CD71-mediated liposomal arsenic-nickel complex combined with all-trans retinoic acid for the efficacy of acute promyelocytic leukemia

Xiao Liu; Lili Zhang; Yueying Yang; Weiwei Yin; Yunhu Liu; Chunyi Luo; Ruizhe Zhang; Zhiguo Long; Yanyan Jiang; Bing Wang

doi:10.1016/j.ajps.2023.100826

CD71-mediated liposomal arsenic-nickel complex combined with all-trans retinoic acid for the efficacy of acute promyelocytic leukemia

Asian J Pharm Sci. 2023 Jul;18(4):100826. doi: 10.1016/j.ajps.2023.100826. Epub 2023 Jul 7.

Authors

Xiao Liu¹, Lili Zhang^{1

2}, Yueying Yang¹, Weiwei Yin¹, Yunhu Liu¹, Chunyi Luo¹, Ruizhe Zhang¹, Zhiguo Long³, Yanyan Jiang¹, Bing Wang^{2

4}

Affiliations

¹ Key Laboratory of Smart Drug Delivery, Ministry of Education, Department of Pharmaceutics, School of Pharmacy, Fudan University, Shanghai 201023, China.
² School of Pharmacy, Shanghai University of Traditional Chinese Medicine, Shanghai 201203, China.
³ Department of Hematology, Shanghai Pudong Hospital, Fudan University, Shanghai 201399, China.
⁴ Shanghai Institute of Materia Medica, Chinese Academy of Sciences, Shanghai 201203, China.

Abstract

Clinically, arsenic trioxide (ATO) was applied to the treatment of acute promyelocytic leukemia (APL) as a reliable and effective frontline drug. However, the administration regimen of As^Ⅲ was limited due to its fast clearance, short therapeutic window and toxicity as well. Based on CD71 overexpressed on APL cells, in present study, a transferrin (Tf)-modified liposome (LP) was established firstly to encapsulate As^Ⅲ in arsenic-nickel complex by nickel acetate gradient method. The As^Ⅲ-loaded liposomes (AsLP) exhibited the feature of acid-sensitive release in vitro.
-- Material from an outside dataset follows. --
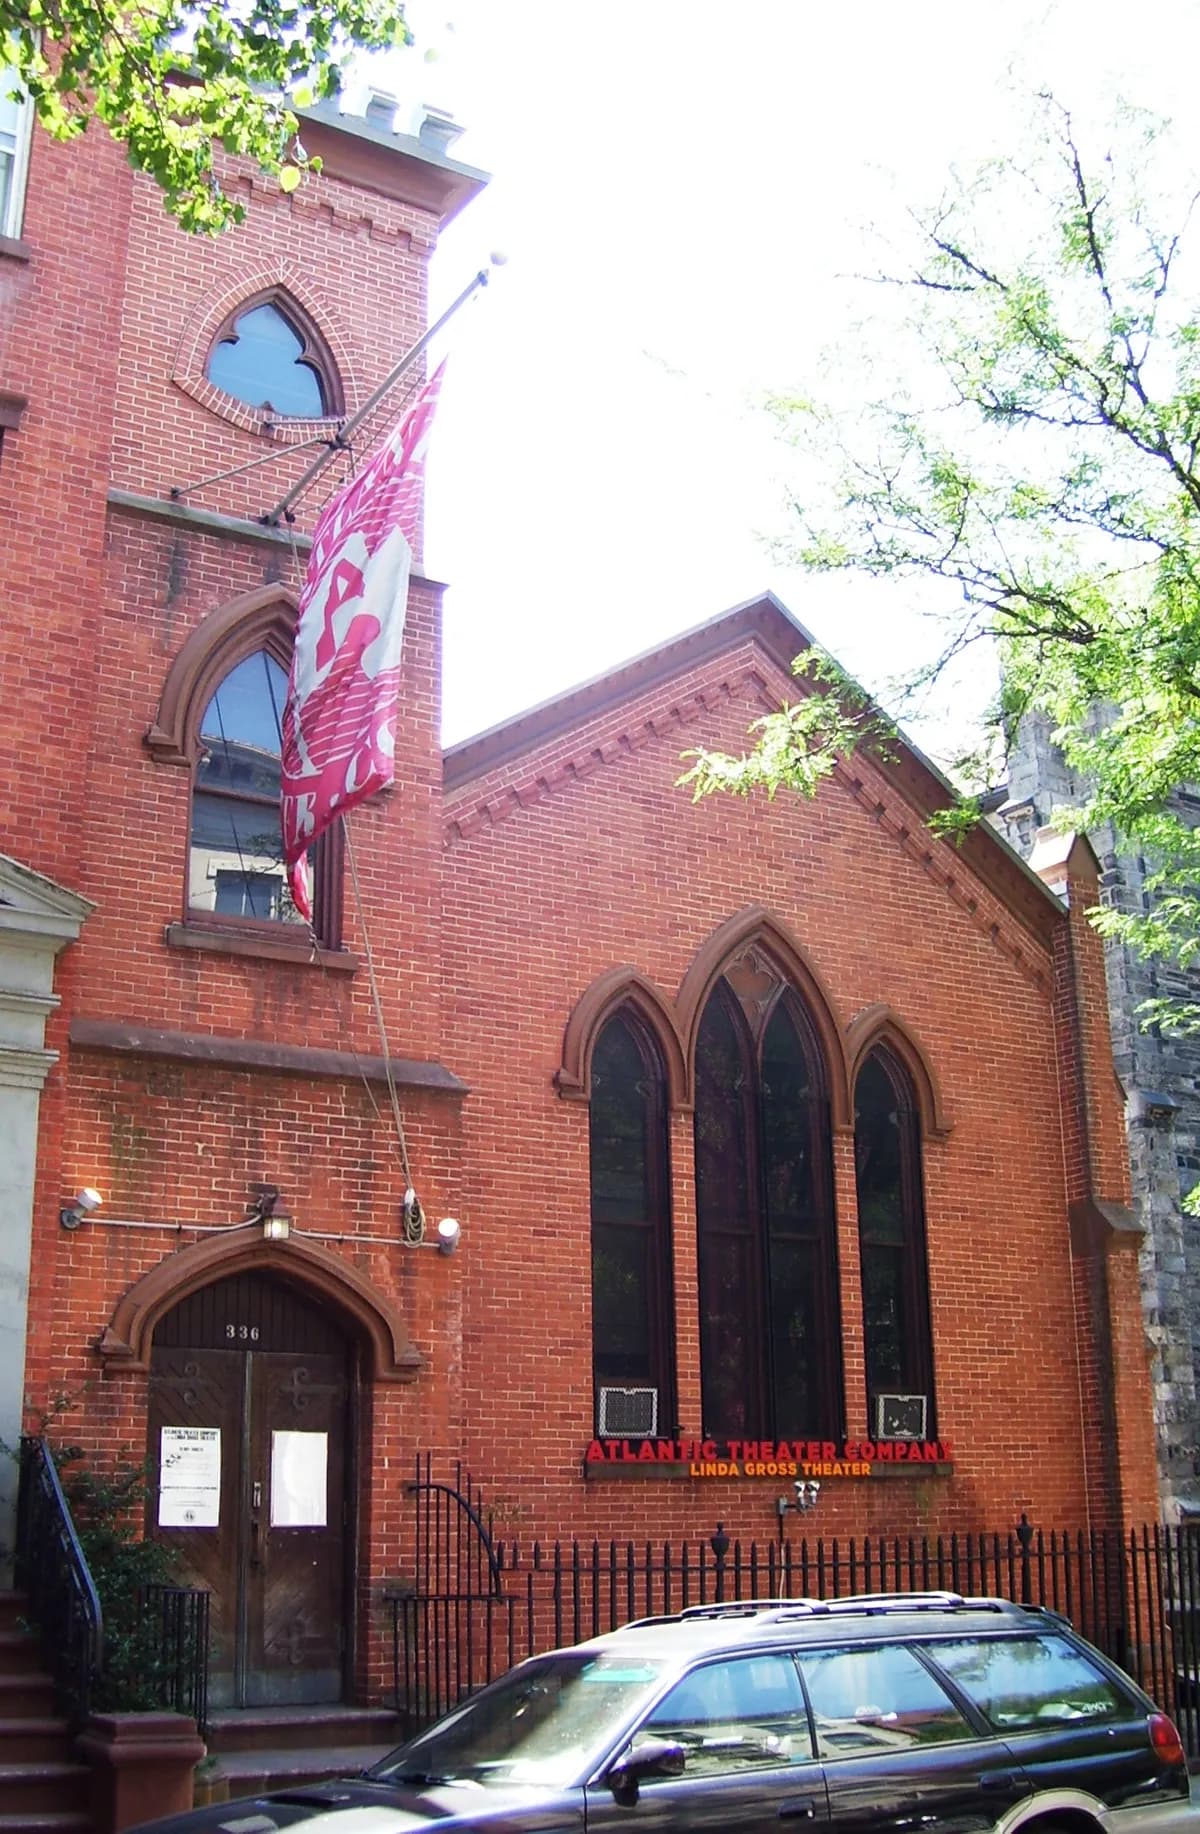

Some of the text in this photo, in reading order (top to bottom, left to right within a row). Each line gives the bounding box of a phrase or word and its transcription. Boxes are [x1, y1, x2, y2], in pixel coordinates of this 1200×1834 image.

Tf-modified AsLP (Tf-AsLP) were specifically taken up by APL cells and the acidic intracellular environment triggered liposome to release As^Ⅲ which stimulated reactive oxygen species level and caspase-3 activity. Tf-AsLP prolonged half-life of As^Ⅲ in blood circulation, lowered systemic toxicity, and promoted apoptosis and induced cell differentiation at lesion site in vivo. Considering that ATO combined with RA is usually applied as the first choice in clinic for APL treatment to improve the therapeutic effect, accordingly, a Tf-modified RA liposome (Tf-RALP) was designed to reduce the severe side effects of free RA and assist Tf-AsLP for better efficacy. As expected, the tumor inhibition rate of Tf-AsLP was improved significantly with the combination of Tf-RALP on subcutaneous tumor model. Furthermore, APL orthotopic NOD/SCID mice model was established by ⁶⁰CO irradiation and HL-60 cells intravenously injection. The effect of co-administration (Tf-AsLP + Tf-RALP) was also confirmed to conspicuous decrease the number of leukemia cells in the circulatory system and prolong the survival time of APL mice by promoting the APL cells' apoptosis and differentiation in peripheral blood and bone marrow. Collectively, Tf-modified acid-sensitive AsLP could greatly reduce the systemic toxicity of free drug. Moreover, Tf-AsLP combined with Tf-RALP could achieve better efficacy. Thus, transferrin-modified As^Ⅲ liposome would be a novel clinical strategy to improve patient compliance, with promising translation prospects.

Keywords: Acute promyelocytic leukemia; All-trans retinoic acid; Arsenic trioxide; Liposome; Transferrin.